¿Está pensando en comprar una propiedad? Le brindamos algunos útiles consejos para ayudarle a tomar buenas decisiones.
- Indispensable ante todo conocer sus necesidades de corto, mediano y largo plazo: analice y proyecte cuánto tiempo va a permanecer en el área, su trabajo actual, el tamaño de su familia, etc. Busque una propiedad de acuerdo a esa proyección.
- La ubicación es clave a la hora de invertir correctamente, tanto si es para vivir, como para alquilar. Por eso, ejecute un recorrido analizando factores como: la existencia de transporte públicos y la cercanía de comercios o centros educativos para mantener la plusvalía. Asegúrese de incluir criterios sobre el vecindario, ya que éste es más difícil de cambiar o arreglar.
- Analice con perspectiva de futuro prefiriendo aquellas propiedades que vislumbran un crecimiento a mediano plazo y en zonas dinámicas.
- Haga una lista de las cosas esenciales y las no tan esenciales que busca en una propiedad. Enfóquese en las que le son más importantes.
- Realice un amplio estudio hasta encontrar el mejor crédito del mercado. Tome en cuenta que la cuota mensual de su hipoteca no debe superar el 40% de los ingresos netos de la unidad familiar. En este sentido, observe honestamente su propia capacidad de endeudamiento y apóyese en el banco para realizar un comparativo con posibles gastos futuros (como el nacimiento de un hijo).
- En caso de tratarse de un condominio, indague sobre las cuotas de mantenimiento. Si estos son muy elevados, o se reparten entre muy pocos vecinos, deberá incurrir en unos pagos mensuales que encarecerán notablemente su inversión o la harán menos rentable.
- Estudie bien la inmobiliaria/desarrolladora/constructora. Los expertos explican que deben ser estudiados desde el arquitecto hasta la calidad de los materiales constructivos. Puede ser por internet: revisar sus obras anteriores y las opiniones. Además, si el proyecto está en etapa de pre venta, verifique en el MEIC si se encuentra aprobado el proyecto.
- Cuando presente una oferta de compra, hágalo por escrito e incluya todo lo negociado previamente (remodelaciones, cobertura de gastos legales, traspaso, pintura, arreglos, etc.)
- Antes de firmar la compra, visite la propiedad y haga su propia “inspección visual”: revisando la presencia de fallas en las terminaciones, ventanas, puertas, muebles, rayones en el piso, sanitarios, etc. Es fundamental hacer correr el agua para comprobar el funcionamiento de la grifería y presión del agua.
- Es su derecho, como consumidor, exigir a la inmobiliaria que firme un documento público en donde se responsabilice de que los metros cuadrados útiles ofrecidos serán, efectivamente, los que se tendrán.
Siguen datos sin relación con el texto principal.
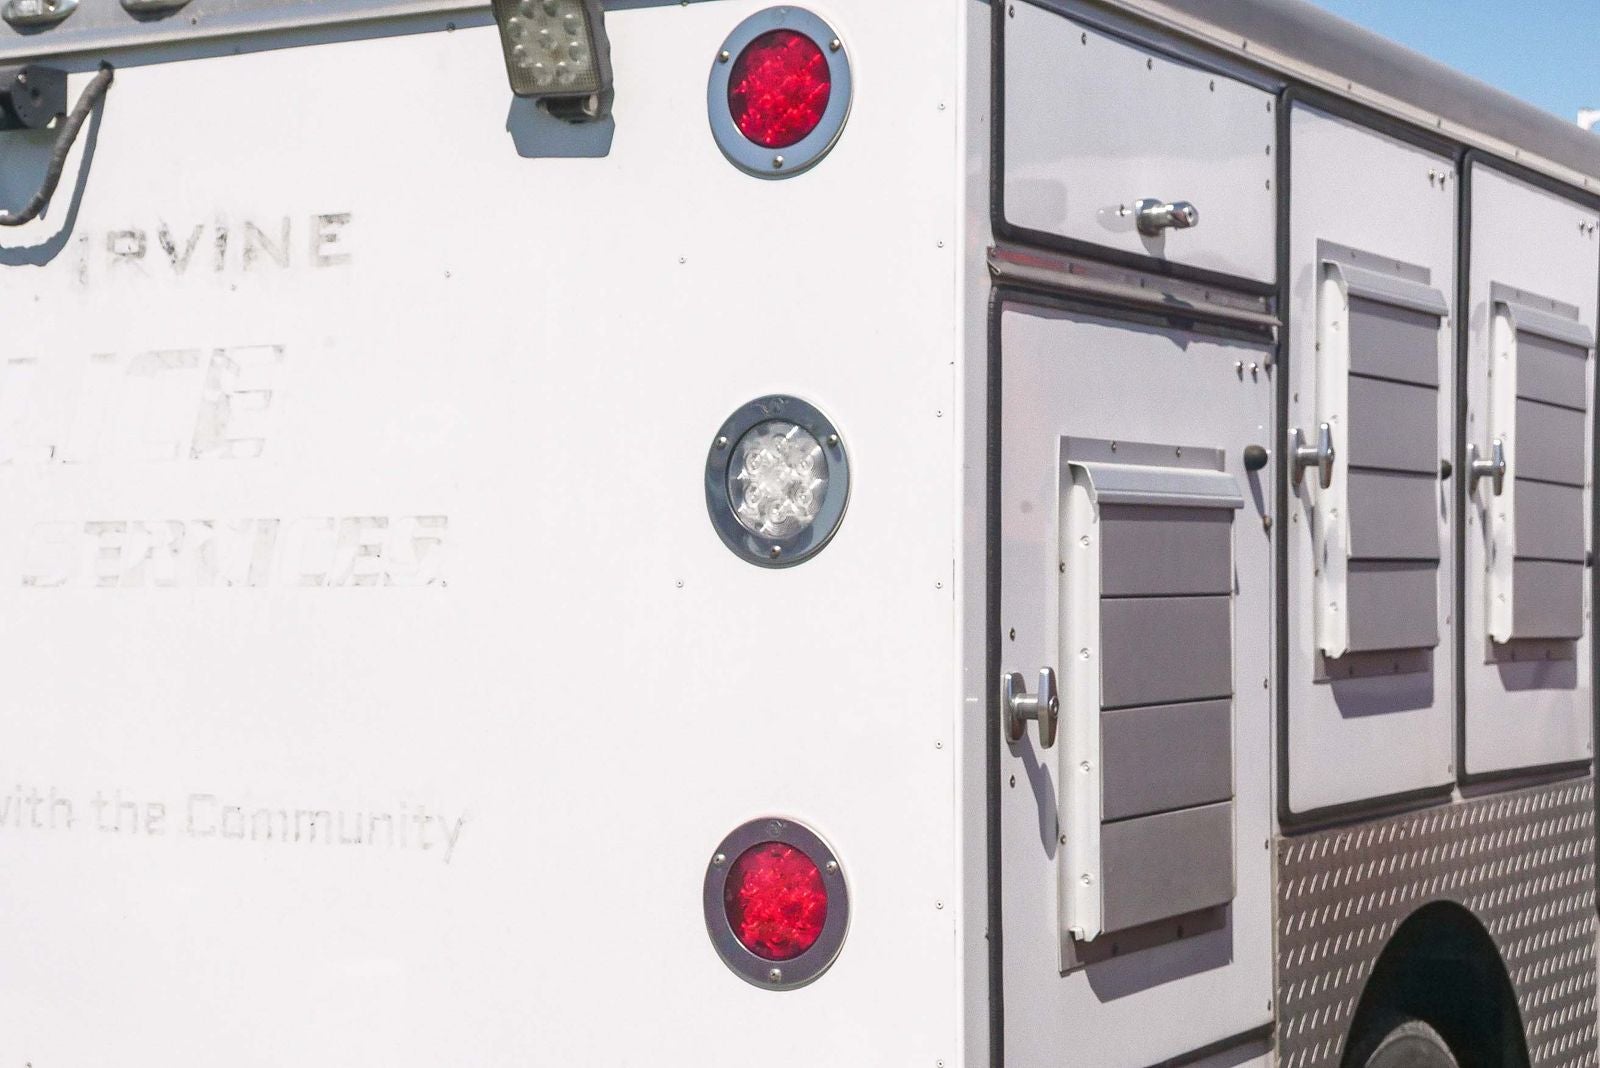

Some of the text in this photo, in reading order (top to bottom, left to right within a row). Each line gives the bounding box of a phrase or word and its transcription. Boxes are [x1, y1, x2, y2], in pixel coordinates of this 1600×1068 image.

- Una vez comprada la propiedad, el nuevo propietario debe saber que la constructora debe canalizar los reclamos directamente y que existe una garantía civil de hasta cinco año sobre defectos.
- Tome en cuenta los gastos en que incurrirá al trasladarse a un lugar nuevo tales como la mudanza, instalación de líneas telefónicas, Internet, cable, compra de muebles, electricista, etc.